Дежурства они разбили очень просто. Рост менялся с Кимом в течение дня. А Винторук, который тоже немного маялся бездельем, должен был следить за пернатыми по ночам. Для этой цели он тоже просил бинокль, но как подозревал Ростик, скорее спал на своих дежурствах, чем действительно приглядывал за бегимлеси. Волосатому это совершенно ничем не грозило, потому что поймать его на нарушении приказа Ростик не мог – Винт всегда просыпался раньше, чем Росту удавалось к нему подкрасться. Да еще он, наверное, потешался, глядя в темноте своими огромными глазищами, как этот человечек, полуслепой и на три четверти глухой – с точки зрения бакумуров – пытается застукать его спящим на посту.
– Может, тебя подменить? – спросил Ким. – Ты это к тому, что ничего не происходит? Нет, не надо. Я еще не устал.
– А я и не заметил, что у них на соляных заливах забастовка.
Соляными заливами назывались три или четыре неглубокие ямки на самом берегу моря, куда пернатые пускали воду, потом перегораживали их и ждали, пока сделает свое дело Солнце, чтобы аккуратно собрать совочками полученную соль. Причем этим, как правило, занимались девушки, как их пренебрежительно величал Ким, – «курицы». Перед заключительной стадией сборов они танцевали и так пронзительно пели, что даже на скале, отстоящей от заливчиков километра на четыре, были слышны особенно удачные вскрики и трели.
Пернатые вообще здорово любили повеселиться и потанцевать. Особенно радовало кружение в хороводе нескольких сот пернатиков, когда каждый удерживал руками плечи соседа, как на Земле танцуют шотландцы, гуцулы и некоторые кавказцы.
– Это не забастовка, просто они очень много соли собрали за последнюю неделю, вот и решили передохнуть. Все равно больше, чем им нужно.
– И зачем им соль? Они ее почти не едят. Я обращал внимание – очень редко.
– Пока не знаю. Кстати, как ты выяснял, что их хозяйки готовят?
– Я не за отдельными хозяйками следил, а только за поваром на больших сборищах. Но там – не захочешь, а увидишь.

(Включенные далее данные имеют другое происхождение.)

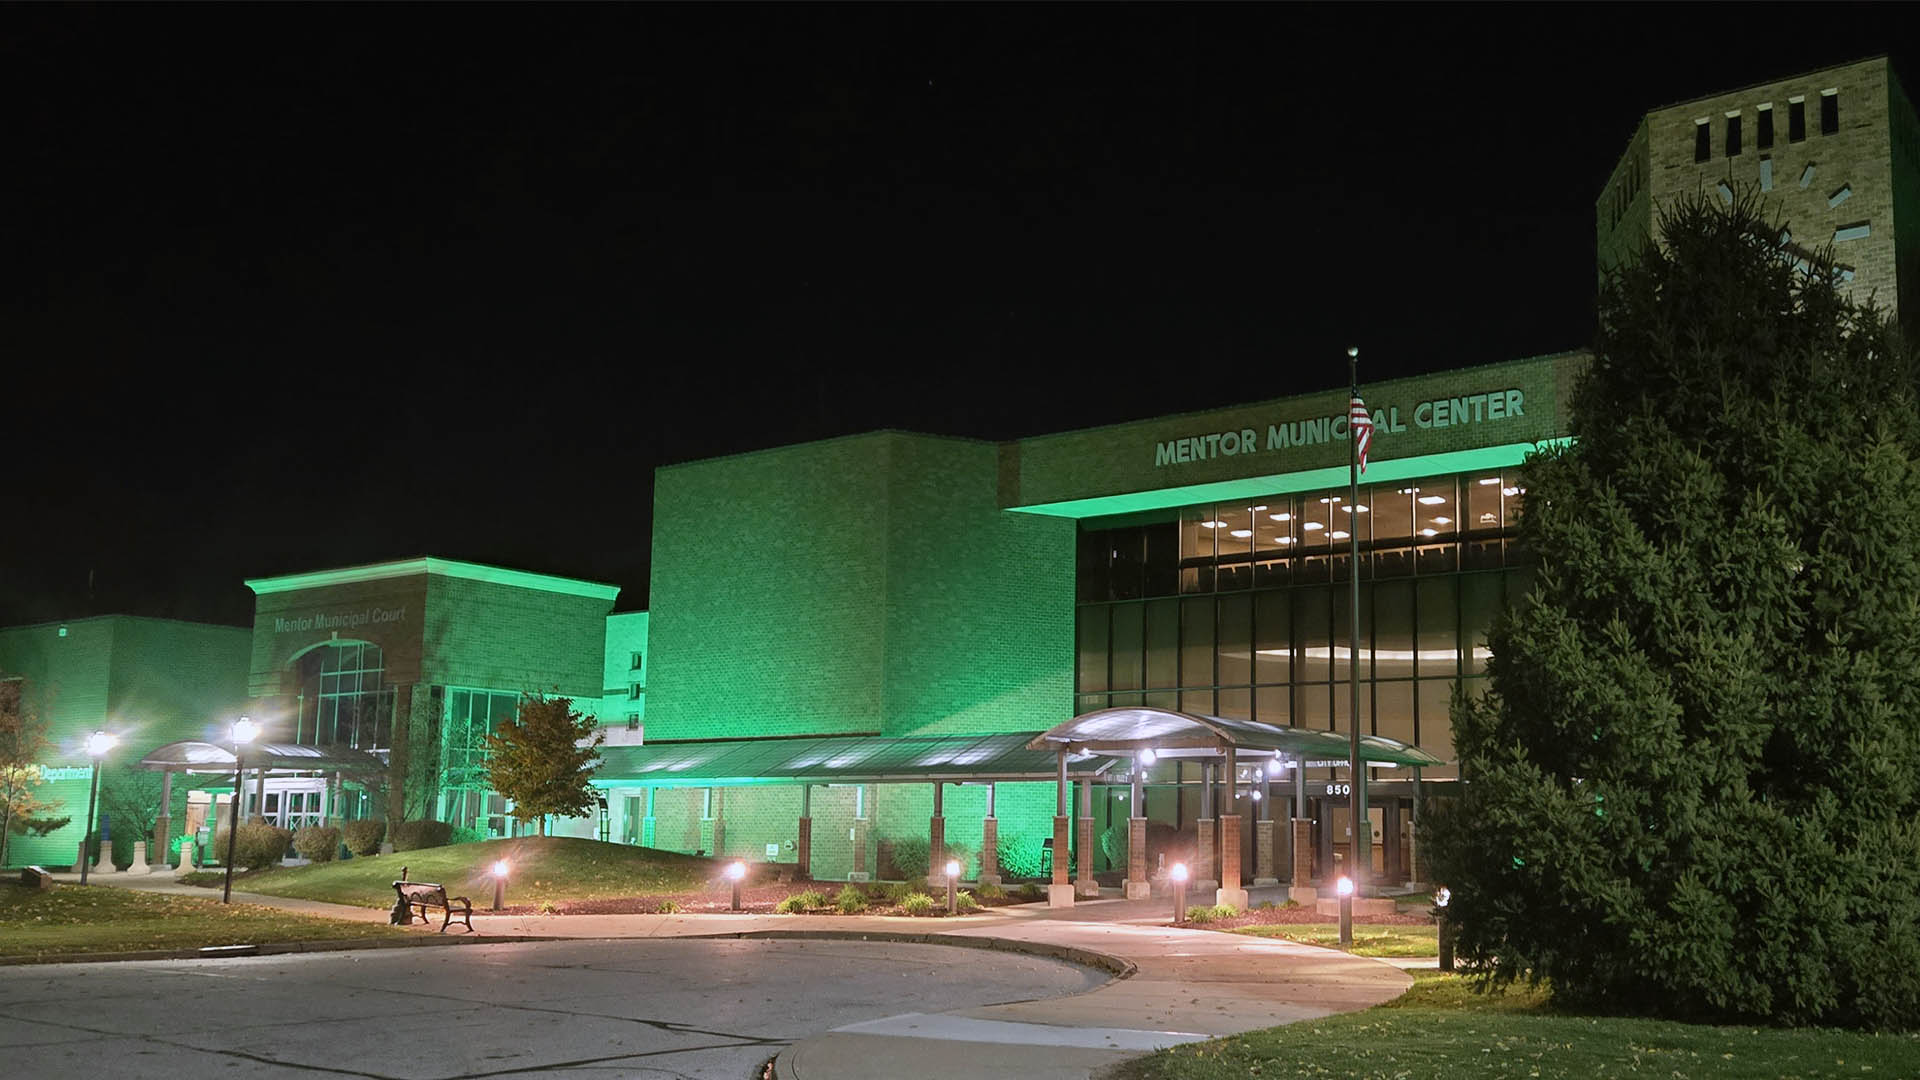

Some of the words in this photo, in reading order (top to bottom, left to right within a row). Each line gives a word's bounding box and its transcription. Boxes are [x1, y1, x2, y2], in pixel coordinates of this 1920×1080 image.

Тоже верно. Пернатые больше всего на свете любили обряд, который Рост назвал свадьбой. Это происходило при большом скоплении народа, причем треть приходила из соседних городков. Угощение бывало куда как щедрое, пили не только воду, но и что-то, что заставляло хмелеть самых сильных мужчин, а потом танцевали так, что это скорее походило на оргию, чем на праздник.
Свадьбы случались часто по той причине, что местные девицы очень любили выходить замуж. Они выходили, через некоторое время, по-видимому, разводились, потом подыскивали другого «петушка»… У Кима сложилось впечатление, что девицы определенного возраста только и делали, что готовили еду, коллекционировали мужей да рожали детей, которые почти без «высиживания» в течение всего одного дня вылуплялись из очень слабой, прозрачной скорлупы. Так что пернатиков следовало скорее отнести к живородящим, чем к яйценесущим.

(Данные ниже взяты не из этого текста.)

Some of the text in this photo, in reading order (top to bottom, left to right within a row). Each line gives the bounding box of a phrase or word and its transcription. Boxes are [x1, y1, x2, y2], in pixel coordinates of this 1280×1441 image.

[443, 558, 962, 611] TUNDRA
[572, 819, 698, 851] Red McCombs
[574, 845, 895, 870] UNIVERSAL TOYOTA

И никто не чинил им преград, никто не обижал их и, разумеется, даже не пытался поработить таким понятием, как долговременные брачные обязанности. Как правило, детей воспитывали матроны постарше, которым мужей уже не находилось. А мальчишек с определенного возраста «образовывали» мужчины.
Вот пернатые мужички были народом, не в пример женщинам, солидным. Они обучались бою, растили какие-то злаки, пасли стада разных животных, из которых добывали местное молоко, и, разумеется, охраняли свой город. Причем, если девицы бродили по этим землям где вздумается, то приход мужчины не в свою стаю грозил ему как минимум скандалом.
– А знаешь, в общем-то у них неплохая жизнь. Вот только попутешествовать от души их петушкам не удается, а так – вполне, – высказался Ким, как в детстве, думая заодно с Ростом.
– Для многих путешествия не являются большой ценностью. К тому же гарем с собой не потащишь, а это для их парней – главная забота.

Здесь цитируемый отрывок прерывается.